The datamining cluster has about 1 TB of disk space divided into a series of network accessable partitions that are mounded under /projects/dm/ (I think we may want to work on the names some):

/projects/dm/cold/
A 360GB RAID 5 partition served from zeus (maybe minus some space for the OS etc, I'm fuzzy on this). This space is for archiving tared and gziped versions of our important data sets. The data here is protected by the redundant RAID, but is not regularly backed up. If you want something here backed up (and it is a very good idea to want our data sets backed up) you need to split it into 40GB chunks (the size of our tape drive tapes) and send a special request to support.
/projects/dm/high1/
A 36GB partition served from dark. This space is for small files that change on a regular basis and that we really want to keep; like code, papers, and notes. It is backed up every day.
/projects/dm/high2/
A 36GB partition served from helios. This space is for small files that change on a regular basis and that we really want to keep; like code, papers, and notes. It is backed up every day.
/projects/dm/high3/ and /projects/dm/www/
Two partitions that add up to 36GB and are served from helios. high3 is for small files that change on a regular basis and that we really want to keep; like code, papers, and notes. www is for the data mining web site. The division of space between these needs to be discussed. They are both backed up every day.
/projects/dm/med1-4/
Four 36GB partitions served from rhea. This space is for project data from active projects that is hard (but not impossible) to reproduce. It is backed up once every two weeks. When the project is over this data should be deleted or moved to /projects/dm/cold in compressed format.
/projects/dm/low1-7/
Seven 73 GB partition served from various cluster machines (1 helios, 2 apollo, 2 calypso, 2 poseidon). This is for files that can be reproduced easily, like uncompressed versions of the files in /projects/dm/cold. It is never backed up

All of the machines also have a local 32 GB /scratch partition except zeus. This should be used for local caching of data. The /scratch disks are not backed up and in fact may be cleaned out occasionally and with very little warning. Be sure to keep copies of important files in the /projects/dm/ partitions

Users

The datamining cluster is intended to be used for datamining research. If you wish to use the cluster, you must get prior permission from Pedro Domingos (pedrod@cs.washington.edu) . (? What is the process for them then being added to pool of users? Should I put jrp's email here? We should ask jrp about this)
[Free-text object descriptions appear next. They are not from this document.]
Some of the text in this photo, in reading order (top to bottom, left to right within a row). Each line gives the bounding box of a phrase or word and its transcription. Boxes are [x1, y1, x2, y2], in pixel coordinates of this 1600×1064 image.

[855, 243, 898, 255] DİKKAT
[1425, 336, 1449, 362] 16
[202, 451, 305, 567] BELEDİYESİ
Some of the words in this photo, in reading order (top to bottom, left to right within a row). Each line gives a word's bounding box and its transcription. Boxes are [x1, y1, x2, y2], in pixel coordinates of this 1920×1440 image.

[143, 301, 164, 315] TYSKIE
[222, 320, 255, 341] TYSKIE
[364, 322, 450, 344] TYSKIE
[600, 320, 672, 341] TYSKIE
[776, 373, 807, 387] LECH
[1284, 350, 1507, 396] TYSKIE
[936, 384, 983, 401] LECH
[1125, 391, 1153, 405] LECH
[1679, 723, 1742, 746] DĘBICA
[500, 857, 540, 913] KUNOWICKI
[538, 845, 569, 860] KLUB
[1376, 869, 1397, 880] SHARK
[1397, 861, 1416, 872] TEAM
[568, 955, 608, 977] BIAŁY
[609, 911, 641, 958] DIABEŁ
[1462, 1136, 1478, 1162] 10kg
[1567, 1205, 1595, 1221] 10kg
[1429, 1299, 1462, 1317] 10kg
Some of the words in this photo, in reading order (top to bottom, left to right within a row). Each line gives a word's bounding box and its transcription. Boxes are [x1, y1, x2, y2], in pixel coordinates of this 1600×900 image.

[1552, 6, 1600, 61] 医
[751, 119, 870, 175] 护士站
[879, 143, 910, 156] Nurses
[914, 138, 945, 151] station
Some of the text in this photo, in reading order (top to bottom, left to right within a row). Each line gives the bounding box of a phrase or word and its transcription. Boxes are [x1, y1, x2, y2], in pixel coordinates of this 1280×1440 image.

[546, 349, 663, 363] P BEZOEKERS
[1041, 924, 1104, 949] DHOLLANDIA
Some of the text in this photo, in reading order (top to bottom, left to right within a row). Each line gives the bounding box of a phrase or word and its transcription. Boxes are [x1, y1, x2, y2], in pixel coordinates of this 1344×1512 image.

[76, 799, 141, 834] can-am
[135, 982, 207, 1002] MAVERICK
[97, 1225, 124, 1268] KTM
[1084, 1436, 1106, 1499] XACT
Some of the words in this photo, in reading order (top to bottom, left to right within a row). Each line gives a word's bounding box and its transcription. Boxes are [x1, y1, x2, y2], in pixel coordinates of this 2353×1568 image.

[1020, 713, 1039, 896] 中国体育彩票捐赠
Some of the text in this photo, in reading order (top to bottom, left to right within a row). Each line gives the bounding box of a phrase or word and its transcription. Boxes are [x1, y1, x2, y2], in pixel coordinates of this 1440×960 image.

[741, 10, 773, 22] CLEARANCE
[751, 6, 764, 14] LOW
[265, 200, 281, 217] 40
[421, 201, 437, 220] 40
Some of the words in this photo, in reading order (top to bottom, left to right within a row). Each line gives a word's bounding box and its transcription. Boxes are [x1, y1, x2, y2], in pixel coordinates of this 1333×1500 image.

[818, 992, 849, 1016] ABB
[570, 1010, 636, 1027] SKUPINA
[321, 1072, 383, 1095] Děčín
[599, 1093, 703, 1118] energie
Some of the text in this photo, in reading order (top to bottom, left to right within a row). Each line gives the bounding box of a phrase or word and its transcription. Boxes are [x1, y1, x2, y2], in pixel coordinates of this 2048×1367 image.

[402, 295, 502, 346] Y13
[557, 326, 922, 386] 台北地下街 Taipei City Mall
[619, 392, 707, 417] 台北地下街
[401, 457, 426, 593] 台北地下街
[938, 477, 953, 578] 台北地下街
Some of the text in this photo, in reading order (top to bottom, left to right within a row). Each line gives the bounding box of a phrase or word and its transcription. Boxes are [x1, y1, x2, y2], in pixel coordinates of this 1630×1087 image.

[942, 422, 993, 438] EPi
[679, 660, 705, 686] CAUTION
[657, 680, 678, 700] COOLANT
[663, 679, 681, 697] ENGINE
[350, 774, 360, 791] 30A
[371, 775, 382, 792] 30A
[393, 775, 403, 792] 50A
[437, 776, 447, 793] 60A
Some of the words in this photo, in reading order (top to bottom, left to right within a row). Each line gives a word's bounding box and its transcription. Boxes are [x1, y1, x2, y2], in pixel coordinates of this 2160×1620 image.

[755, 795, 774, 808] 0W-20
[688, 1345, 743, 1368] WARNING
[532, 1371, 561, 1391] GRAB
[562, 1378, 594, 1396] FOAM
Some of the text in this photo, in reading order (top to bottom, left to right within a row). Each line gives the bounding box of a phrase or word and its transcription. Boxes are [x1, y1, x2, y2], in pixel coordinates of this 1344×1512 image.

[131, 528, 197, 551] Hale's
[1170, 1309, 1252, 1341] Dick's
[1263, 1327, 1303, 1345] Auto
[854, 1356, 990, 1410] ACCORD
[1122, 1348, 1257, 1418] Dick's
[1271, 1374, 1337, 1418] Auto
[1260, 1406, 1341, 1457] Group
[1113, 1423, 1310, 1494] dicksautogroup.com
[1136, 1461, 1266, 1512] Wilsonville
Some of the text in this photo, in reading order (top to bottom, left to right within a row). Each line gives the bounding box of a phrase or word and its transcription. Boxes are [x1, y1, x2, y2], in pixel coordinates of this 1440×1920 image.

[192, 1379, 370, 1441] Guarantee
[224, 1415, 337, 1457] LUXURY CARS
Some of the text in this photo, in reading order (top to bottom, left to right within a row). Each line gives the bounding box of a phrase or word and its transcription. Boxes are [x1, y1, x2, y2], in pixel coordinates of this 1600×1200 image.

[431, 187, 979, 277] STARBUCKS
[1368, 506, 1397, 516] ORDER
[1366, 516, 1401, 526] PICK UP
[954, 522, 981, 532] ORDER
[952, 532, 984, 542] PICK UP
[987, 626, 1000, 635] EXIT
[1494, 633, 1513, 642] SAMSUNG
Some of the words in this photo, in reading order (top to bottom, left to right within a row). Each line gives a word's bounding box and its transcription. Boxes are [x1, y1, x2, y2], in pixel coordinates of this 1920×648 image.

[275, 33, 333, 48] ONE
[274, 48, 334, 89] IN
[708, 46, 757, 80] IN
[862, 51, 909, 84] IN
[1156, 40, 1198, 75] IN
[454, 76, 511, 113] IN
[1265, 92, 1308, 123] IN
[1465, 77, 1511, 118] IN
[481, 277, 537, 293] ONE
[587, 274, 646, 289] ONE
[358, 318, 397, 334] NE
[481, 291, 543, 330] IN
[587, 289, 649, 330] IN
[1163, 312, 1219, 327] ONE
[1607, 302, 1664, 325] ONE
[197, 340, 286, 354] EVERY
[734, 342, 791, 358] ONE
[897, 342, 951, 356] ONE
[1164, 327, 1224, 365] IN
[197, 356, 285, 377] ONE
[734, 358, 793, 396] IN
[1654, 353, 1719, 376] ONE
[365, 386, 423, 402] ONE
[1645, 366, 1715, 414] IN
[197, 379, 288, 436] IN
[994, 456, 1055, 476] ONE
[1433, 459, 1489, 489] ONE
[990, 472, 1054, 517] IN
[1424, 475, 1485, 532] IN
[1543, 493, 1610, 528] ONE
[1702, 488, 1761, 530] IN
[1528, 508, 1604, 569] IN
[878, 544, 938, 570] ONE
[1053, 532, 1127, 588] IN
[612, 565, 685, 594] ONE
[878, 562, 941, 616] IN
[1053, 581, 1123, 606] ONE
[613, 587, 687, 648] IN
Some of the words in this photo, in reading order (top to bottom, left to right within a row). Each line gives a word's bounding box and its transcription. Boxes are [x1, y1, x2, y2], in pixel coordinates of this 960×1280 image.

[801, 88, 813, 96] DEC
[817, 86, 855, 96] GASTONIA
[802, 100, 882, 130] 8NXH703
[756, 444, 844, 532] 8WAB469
To obtain write access to the /projects/dm? and the /scratch disks, you must be a member of the dm group. If you have received permission to use the cluster, you can email Geoff Hulten (ghulten@cs.washington.edu) to be added to the dm group.

Remember that this cluster is a shared resource. Users of the cluster coordinate with each other via email. In general, the machines are fairly idle, so feel free to use as many as you need. However, expect to receive an email if another user is also trying to use the machines. Near paper deadlines especially, we ask that users who do not have deadlines gracefully refrain from using the cluster until the deadline has passed. So far, there are few enough users that this has not been a problem, and coordination of computational needs has easily been done via email with other cluster users.